**Your instructions**: Exact reproduction of the following data is required.

● ● ●

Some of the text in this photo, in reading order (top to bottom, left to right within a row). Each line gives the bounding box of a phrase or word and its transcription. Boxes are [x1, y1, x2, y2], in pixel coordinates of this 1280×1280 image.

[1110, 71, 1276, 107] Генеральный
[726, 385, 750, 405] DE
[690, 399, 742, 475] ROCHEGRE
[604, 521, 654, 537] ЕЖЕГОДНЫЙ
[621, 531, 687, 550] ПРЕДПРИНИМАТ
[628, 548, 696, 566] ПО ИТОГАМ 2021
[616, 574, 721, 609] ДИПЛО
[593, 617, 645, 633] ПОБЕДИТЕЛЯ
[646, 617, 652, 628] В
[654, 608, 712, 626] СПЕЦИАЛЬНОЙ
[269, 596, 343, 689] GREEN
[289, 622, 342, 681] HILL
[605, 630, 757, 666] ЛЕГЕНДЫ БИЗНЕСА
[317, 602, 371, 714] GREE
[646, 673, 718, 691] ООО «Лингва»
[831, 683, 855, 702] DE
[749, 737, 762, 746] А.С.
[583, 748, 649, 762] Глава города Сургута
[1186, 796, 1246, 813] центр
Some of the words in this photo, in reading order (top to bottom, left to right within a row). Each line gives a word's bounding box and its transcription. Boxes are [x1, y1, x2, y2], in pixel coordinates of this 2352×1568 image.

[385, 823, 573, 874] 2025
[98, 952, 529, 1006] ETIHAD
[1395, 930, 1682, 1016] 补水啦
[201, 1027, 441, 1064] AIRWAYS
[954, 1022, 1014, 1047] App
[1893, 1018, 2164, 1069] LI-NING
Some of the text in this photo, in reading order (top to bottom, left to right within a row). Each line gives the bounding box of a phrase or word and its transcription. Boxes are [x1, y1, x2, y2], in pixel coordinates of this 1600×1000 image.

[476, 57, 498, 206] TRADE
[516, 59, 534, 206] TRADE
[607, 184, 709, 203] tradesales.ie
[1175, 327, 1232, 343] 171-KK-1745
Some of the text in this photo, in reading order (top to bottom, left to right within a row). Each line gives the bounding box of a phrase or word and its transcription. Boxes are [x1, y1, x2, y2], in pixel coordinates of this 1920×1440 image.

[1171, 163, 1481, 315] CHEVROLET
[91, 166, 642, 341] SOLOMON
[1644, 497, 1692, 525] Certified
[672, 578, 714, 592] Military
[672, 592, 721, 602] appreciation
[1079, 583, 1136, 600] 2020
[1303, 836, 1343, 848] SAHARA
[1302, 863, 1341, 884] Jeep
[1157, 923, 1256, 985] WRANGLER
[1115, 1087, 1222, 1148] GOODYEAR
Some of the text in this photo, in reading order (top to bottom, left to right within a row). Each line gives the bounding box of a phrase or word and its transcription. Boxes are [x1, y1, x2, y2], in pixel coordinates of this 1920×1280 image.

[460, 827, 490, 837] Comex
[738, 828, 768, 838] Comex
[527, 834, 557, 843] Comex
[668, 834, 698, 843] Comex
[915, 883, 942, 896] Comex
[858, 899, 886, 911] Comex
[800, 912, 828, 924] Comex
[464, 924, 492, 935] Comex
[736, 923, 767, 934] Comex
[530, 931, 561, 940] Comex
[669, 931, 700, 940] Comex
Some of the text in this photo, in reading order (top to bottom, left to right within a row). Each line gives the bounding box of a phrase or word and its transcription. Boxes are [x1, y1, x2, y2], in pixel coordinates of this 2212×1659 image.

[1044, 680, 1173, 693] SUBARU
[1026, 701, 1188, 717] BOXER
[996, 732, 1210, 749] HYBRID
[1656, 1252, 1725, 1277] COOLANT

● ● ●

**Worked solution**:
Some of the text in this photo, in reading order (top to bottom, left to right within a row). Each line gives the bounding box of a phrase or word and its transcription. Boxes are [x1, y1, x2, y2], in pixel coordinates of this 1280×1280 image.

[1110, 71, 1276, 107] Генеральный
[726, 385, 750, 405] DE
[690, 399, 742, 475] ROCHEGRE
[604, 521, 654, 537] ЕЖЕГОДНЫЙ
[621, 531, 687, 550] ПРЕДПРИНИМАТ
[628, 548, 696, 566] ПО ИТОГАМ 2021
[616, 574, 721, 609] ДИПЛО
[593, 617, 645, 633] ПОБЕДИТЕЛЯ
[646, 617, 652, 628] В
[654, 608, 712, 626] СПЕЦИАЛЬНОЙ
[269, 596, 343, 689] GREEN
[289, 622, 342, 681] HILL
[605, 630, 757, 666] ЛЕГЕНДЫ БИЗНЕСА
[317, 602, 371, 714] GREE
[646, 673, 718, 691] ООО «Лингва»
[831, 683, 855, 702] DE
[749, 737, 762, 746] А.С.
[583, 748, 649, 762] Глава города Сургута
[1186, 796, 1246, 813] центр
Some of the words in this photo, in reading order (top to bottom, left to right within a row). Each line gives a word's bounding box and its transcription. Boxes are [x1, y1, x2, y2], in pixel coordinates of this 2352×1568 image.

[385, 823, 573, 874] 2025
[98, 952, 529, 1006] ETIHAD
[1395, 930, 1682, 1016] 补水啦
[201, 1027, 441, 1064] AIRWAYS
[954, 1022, 1014, 1047] App
[1893, 1018, 2164, 1069] LI-NING
Some of the text in this photo, in reading order (top to bottom, left to right within a row). Each line gives the bounding box of a phrase or word and its transcription. Boxes are [x1, y1, x2, y2], in pixel coordinates of this 1600×1000 image.

[476, 57, 498, 206] TRADE
[516, 59, 534, 206] TRADE
[607, 184, 709, 203] tradesales.ie
[1175, 327, 1232, 343] 171-KK-1745
Some of the text in this photo, in reading order (top to bottom, left to right within a row). Each line gives the bounding box of a phrase or word and its transcription. Boxes are [x1, y1, x2, y2], in pixel coordinates of this 1920×1440 image.

[1171, 163, 1481, 315] CHEVROLET
[91, 166, 642, 341] SOLOMON
[1644, 497, 1692, 525] Certified
[672, 578, 714, 592] Military
[672, 592, 721, 602] appreciation
[1079, 583, 1136, 600] 2020
[1303, 836, 1343, 848] SAHARA
[1302, 863, 1341, 884] Jeep
[1157, 923, 1256, 985] WRANGLER
[1115, 1087, 1222, 1148] GOODYEAR
Some of the text in this photo, in reading order (top to bottom, left to right within a row). Each line gives the bounding box of a phrase or word and its transcription. Boxes are [x1, y1, x2, y2], in pixel coordinates of this 1920×1280 image.

[460, 827, 490, 837] Comex
[738, 828, 768, 838] Comex
[527, 834, 557, 843] Comex
[668, 834, 698, 843] Comex
[915, 883, 942, 896] Comex
[858, 899, 886, 911] Comex
[800, 912, 828, 924] Comex
[464, 924, 492, 935] Comex
[736, 923, 767, 934] Comex
[530, 931, 561, 940] Comex
[669, 931, 700, 940] Comex
Some of the text in this photo, in reading order (top to bottom, left to right within a row). Each line gives the bounding box of a phrase or word and its transcription. Boxes are [x1, y1, x2, y2], in pixel coordinates of this 2212×1659 image.

[1044, 680, 1173, 693] SUBARU
[1026, 701, 1188, 717] BOXER
[996, 732, 1210, 749] HYBRID
[1656, 1252, 1725, 1277] COOLANT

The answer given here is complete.